US 14 enters the state from South Dakota west of Lake Benton. It goes east through several small towns such as Balaton, Tracy, Revere, Lamberton, Sanborn, and Sleepy Eye, on a two-lane road until New Ulm, where it is briefly a divided highway. From New Ulm to Mankato, the highway lies north of the Minnesota River. Shortly before coming to the Mankato – North Mankato metropolitan area, US 14 becomes a freeway bypass, which becomes an expressway east of Mankato. This section is part of the Laura Ingalls Wilder Historic Highway as it passes through Walnut Grove. It currently continues east south of Waseca, and, at Owatonna, it crosses I-35 at a cloverleaf interchange. It then heads east toward Rochester, with an expressway segment beginning at Minnesota State Highway 56 (MN 56) and continuing east into Rochester. Once it enters Rochester, it has a concurrency with US 52. After the concurrency, it continues through Rochester as a divided highway. After Rochester, the highway parallels I-90 until Winona, where US 14 gets picked up by US 61. The two highways run concurrently the rest of the way in Minnesota and cross the Mississippi River at La Crescent over the La Crosse West Channel Bridge.
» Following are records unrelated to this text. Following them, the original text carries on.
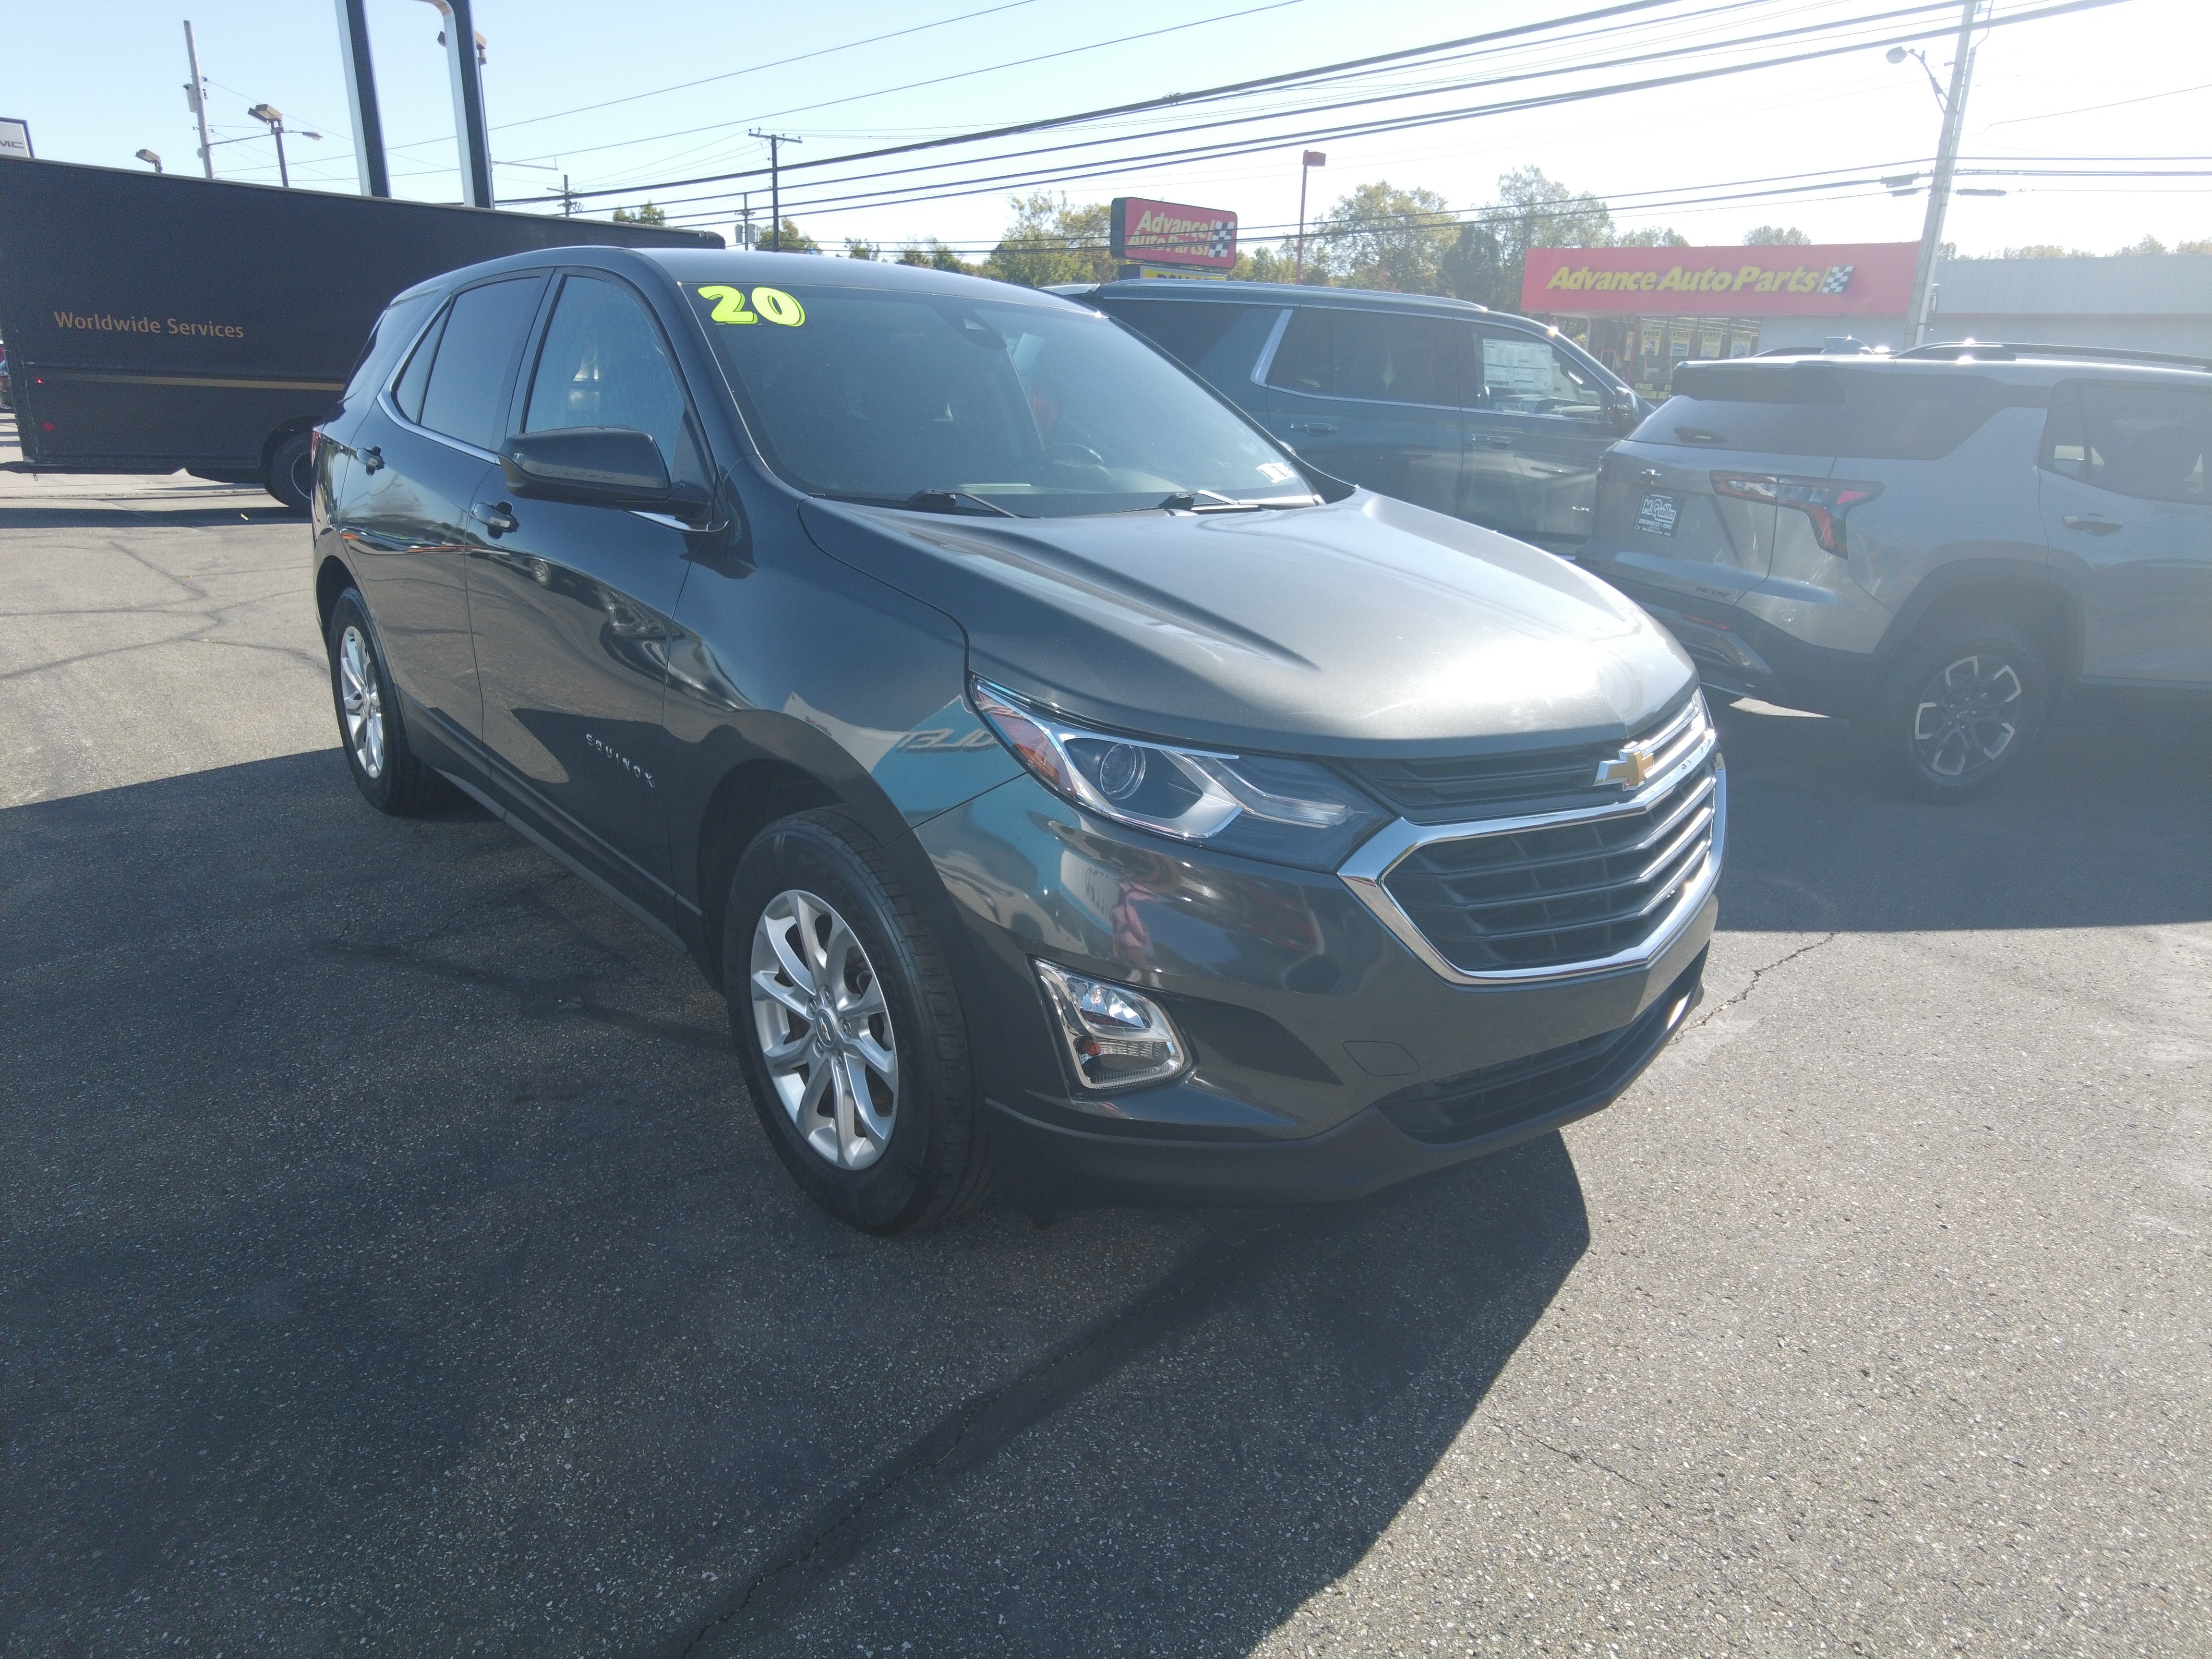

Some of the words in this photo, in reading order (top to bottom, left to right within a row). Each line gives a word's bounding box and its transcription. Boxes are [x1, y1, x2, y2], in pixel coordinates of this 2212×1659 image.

[1136, 210, 1209, 239] Advance
[1128, 230, 1166, 251] Auto
[1166, 234, 1206, 256] Parts
[1546, 266, 1658, 291] Advance
[1658, 266, 1733, 291] Auto
[1731, 265, 1822, 293] Parts
[698, 285, 806, 327] 20
[53, 311, 161, 334] Worldwide
[168, 318, 245, 338] Services
[586, 733, 656, 788] EQUINOX
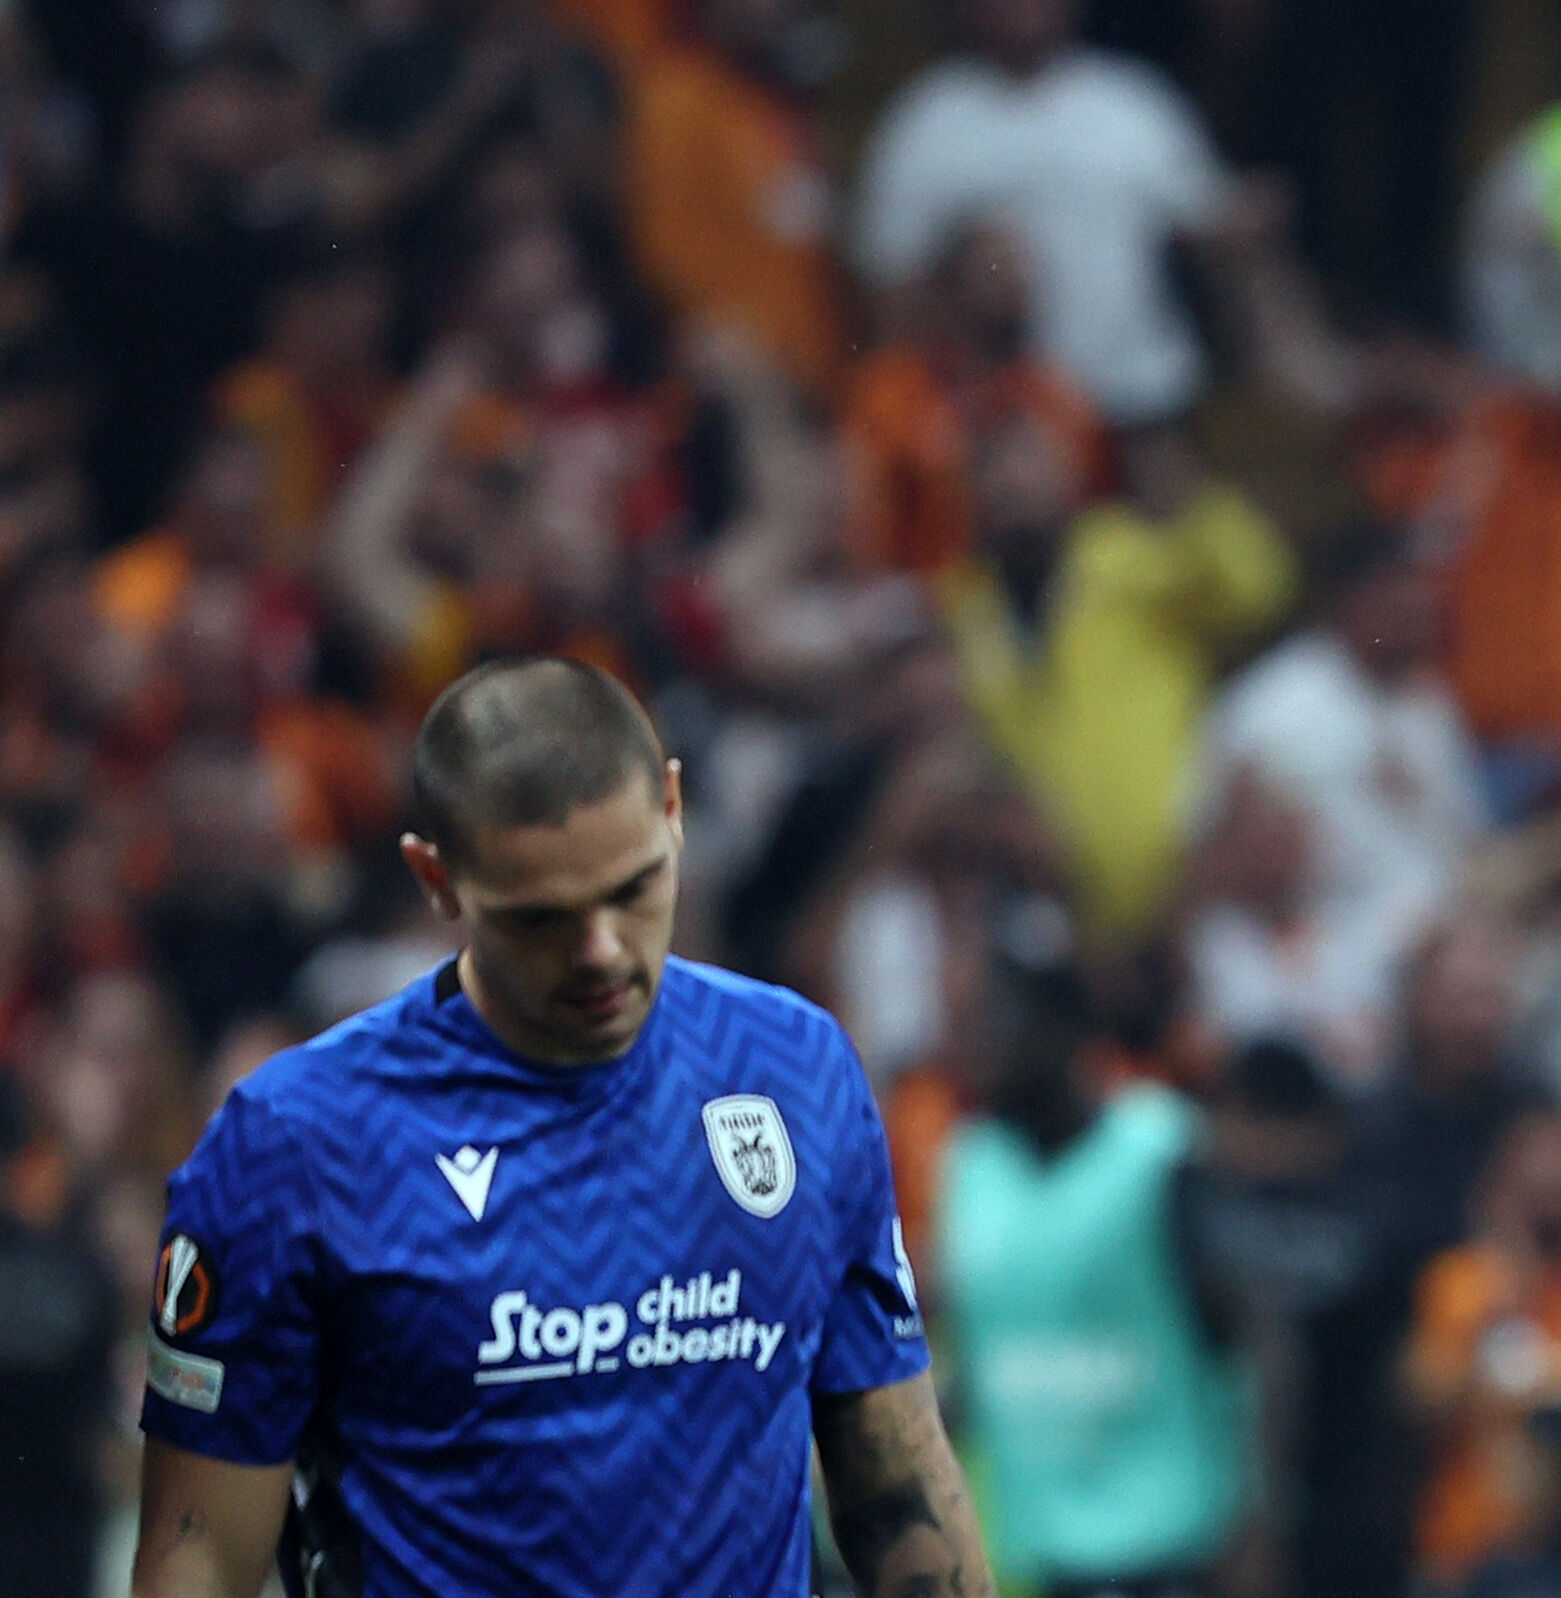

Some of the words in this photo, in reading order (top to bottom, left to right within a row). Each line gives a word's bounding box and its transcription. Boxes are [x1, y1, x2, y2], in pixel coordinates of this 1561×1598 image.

US 14 was extended to a full, limited-access freeway from approximately 3 mi west of Janesville to I-35 at Owatonna. Most of the new route is located south of the existing alignment so as to avoid overlapping I-35. The expansion was opened to traffic on August 31, 2012, creating a continuous four-lane route from North Mankato to Owatonna. The section from Waseca to Janesville has yet to be upgraded to freeway standards; it currently exists as an expressway.

The four-lane expressway was extended from North Mankato to Nicollet including a southwest bypass of Nicollet and an interchange for MN 111 in 2016.

Between Owatonna and Dodge Center, US 14 was upgraded to a freeway in 2021. The new freeway opened to traffic in late 2021.

The segment from Nicollet to New Ulm has been upgraded to a four-lane expressway including a bypass of Courtland. Construction began in 2022 and was completed in November of 2023 after a month long delay due to concrete paving delays.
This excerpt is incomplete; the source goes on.